TASK GOAL
All of the listing should be output exactly, apart from the pictures.

———

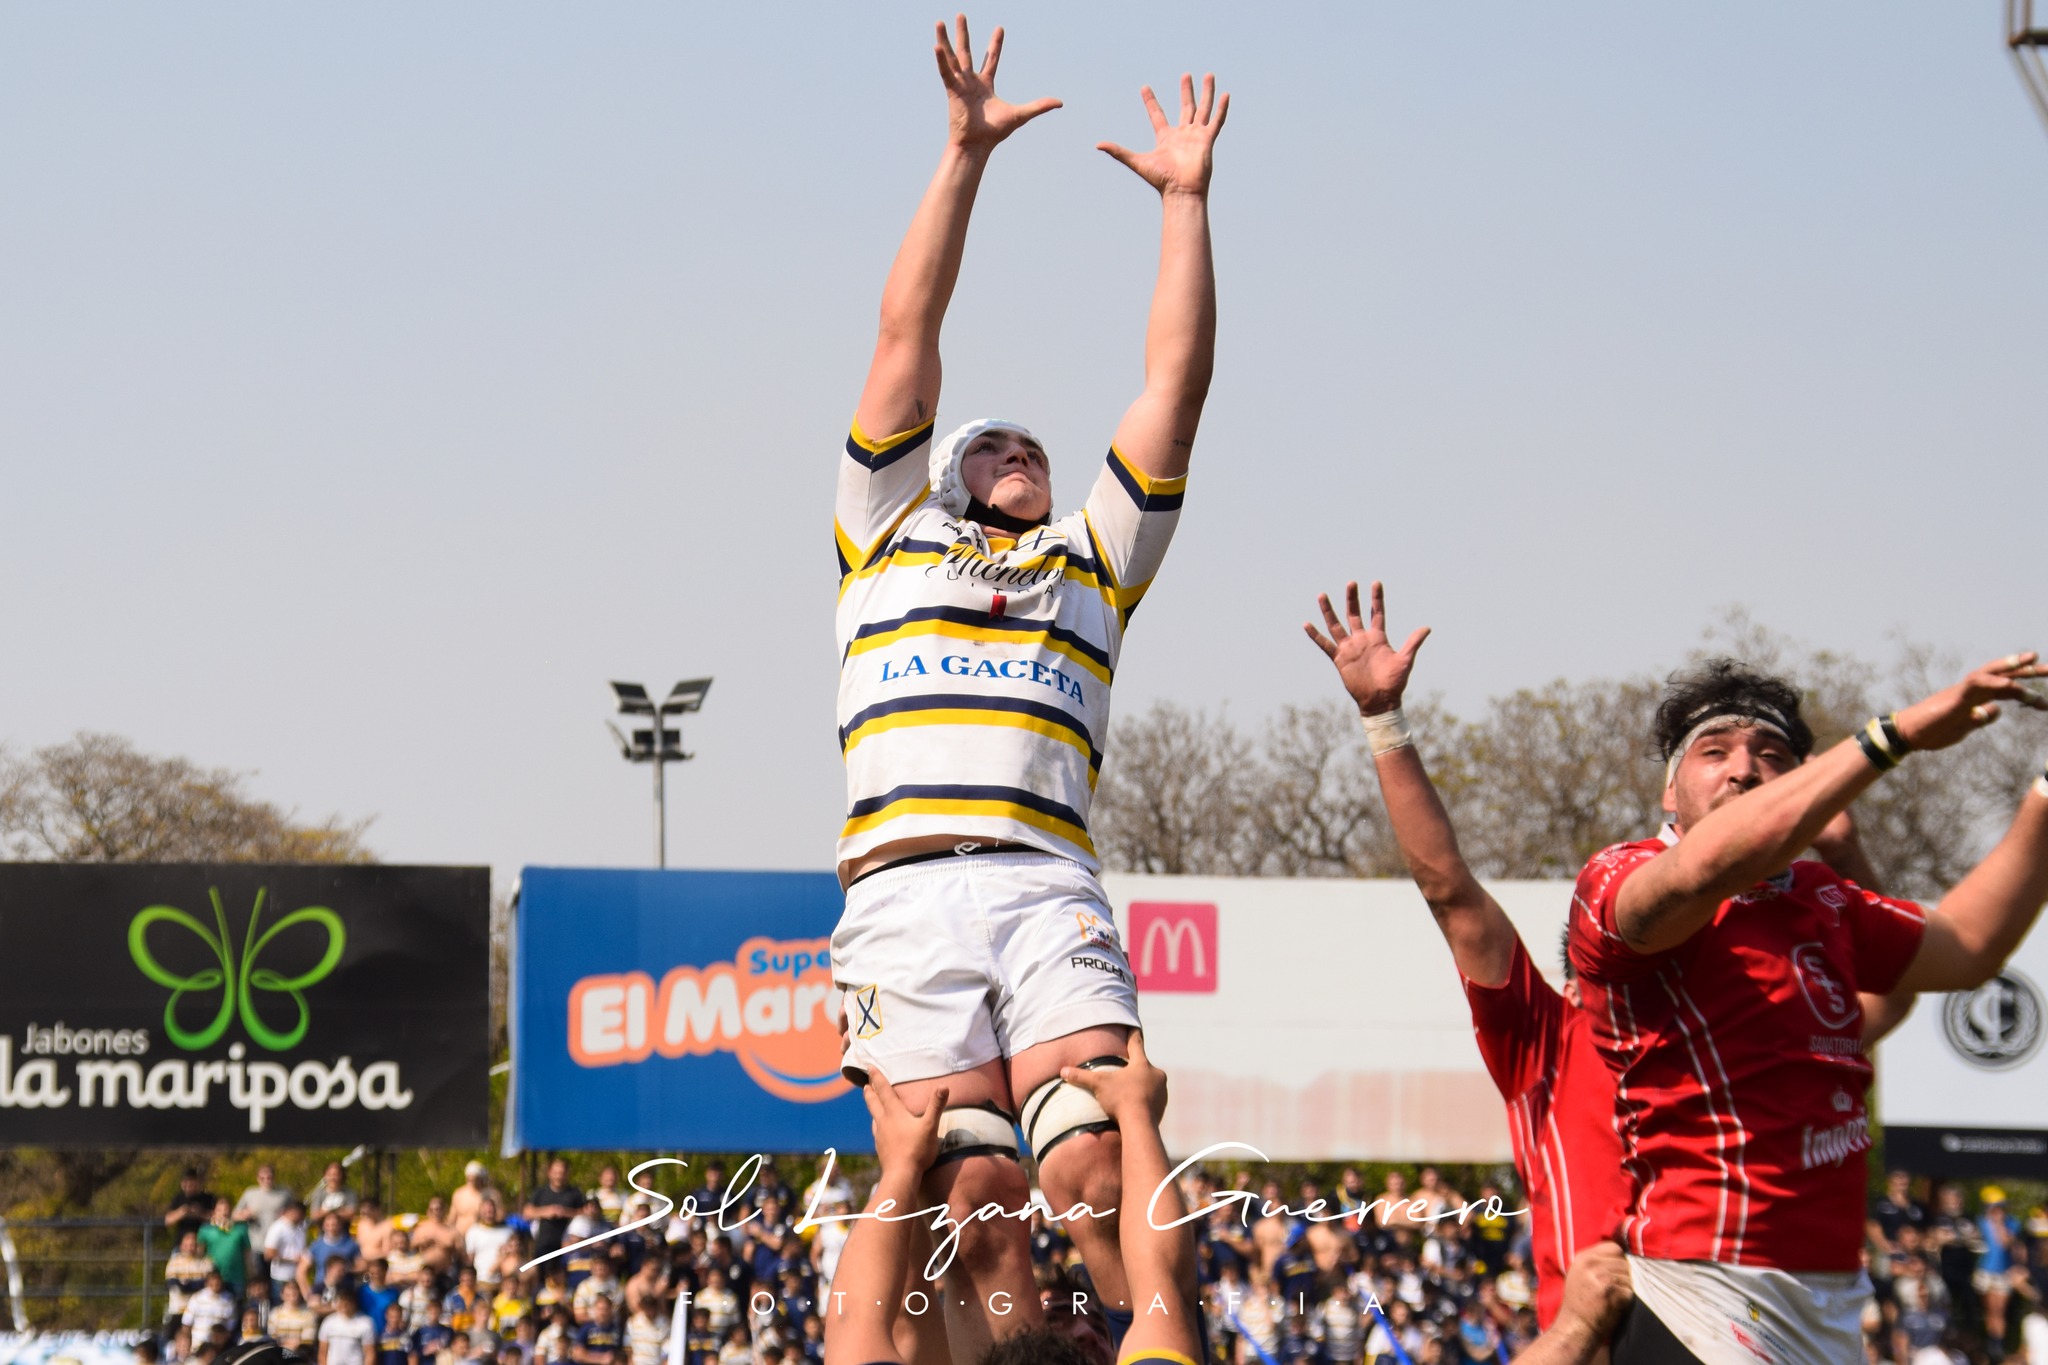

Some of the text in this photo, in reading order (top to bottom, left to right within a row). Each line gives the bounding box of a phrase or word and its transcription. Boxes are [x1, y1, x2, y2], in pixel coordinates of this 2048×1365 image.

[879, 655, 1085, 708] LA GACETA
[750, 949, 833, 980] Supe
[20, 1020, 150, 1055] Jabones
[581, 982, 647, 1056] El
[0, 1034, 414, 1133] la mariposa
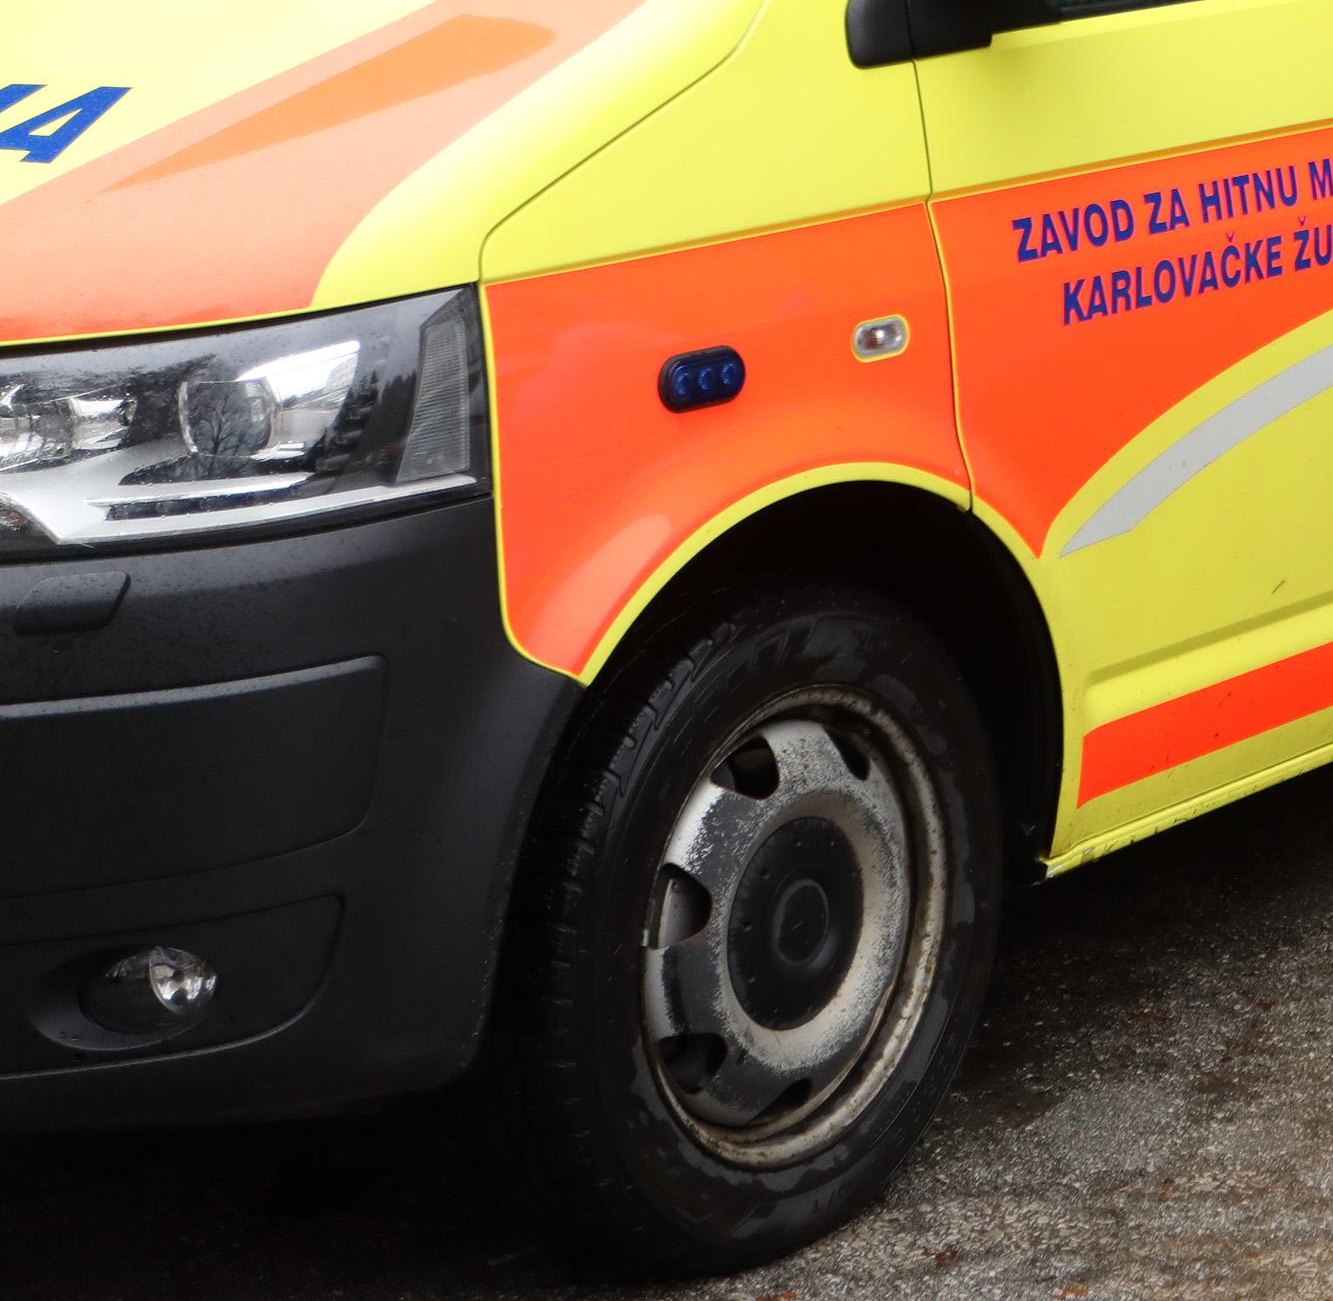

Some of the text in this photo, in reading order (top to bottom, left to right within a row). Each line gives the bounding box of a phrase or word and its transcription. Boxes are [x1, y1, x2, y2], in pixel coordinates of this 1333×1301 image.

[1012, 199, 1135, 263] ZAVOD
[1143, 188, 1190, 235] ZA
[1199, 165, 1298, 224] HITNU
[1063, 231, 1283, 326] KARLOVAČKE

———

ANSWER FOR THIS EXERCISE
Some of the text in this photo, in reading order (top to bottom, left to right within a row). Each line gives the bounding box of a phrase or word and its transcription. Boxes are [x1, y1, x2, y2], in pixel coordinates of this 2048×1365 image.

[879, 655, 1085, 708] LA GACETA
[750, 949, 833, 980] Supe
[20, 1020, 150, 1055] Jabones
[581, 982, 647, 1056] El
[0, 1034, 414, 1133] la mariposa

Some of the text in this photo, in reading order (top to bottom, left to right within a row). Each line gives the bounding box of a phrase or word and its transcription. Boxes are [x1, y1, x2, y2], in pixel coordinates of this 1333×1301 image.

[1012, 199, 1135, 263] ZAVOD
[1143, 188, 1190, 235] ZA
[1199, 165, 1298, 224] HITNU
[1063, 231, 1283, 326] KARLOVAČKE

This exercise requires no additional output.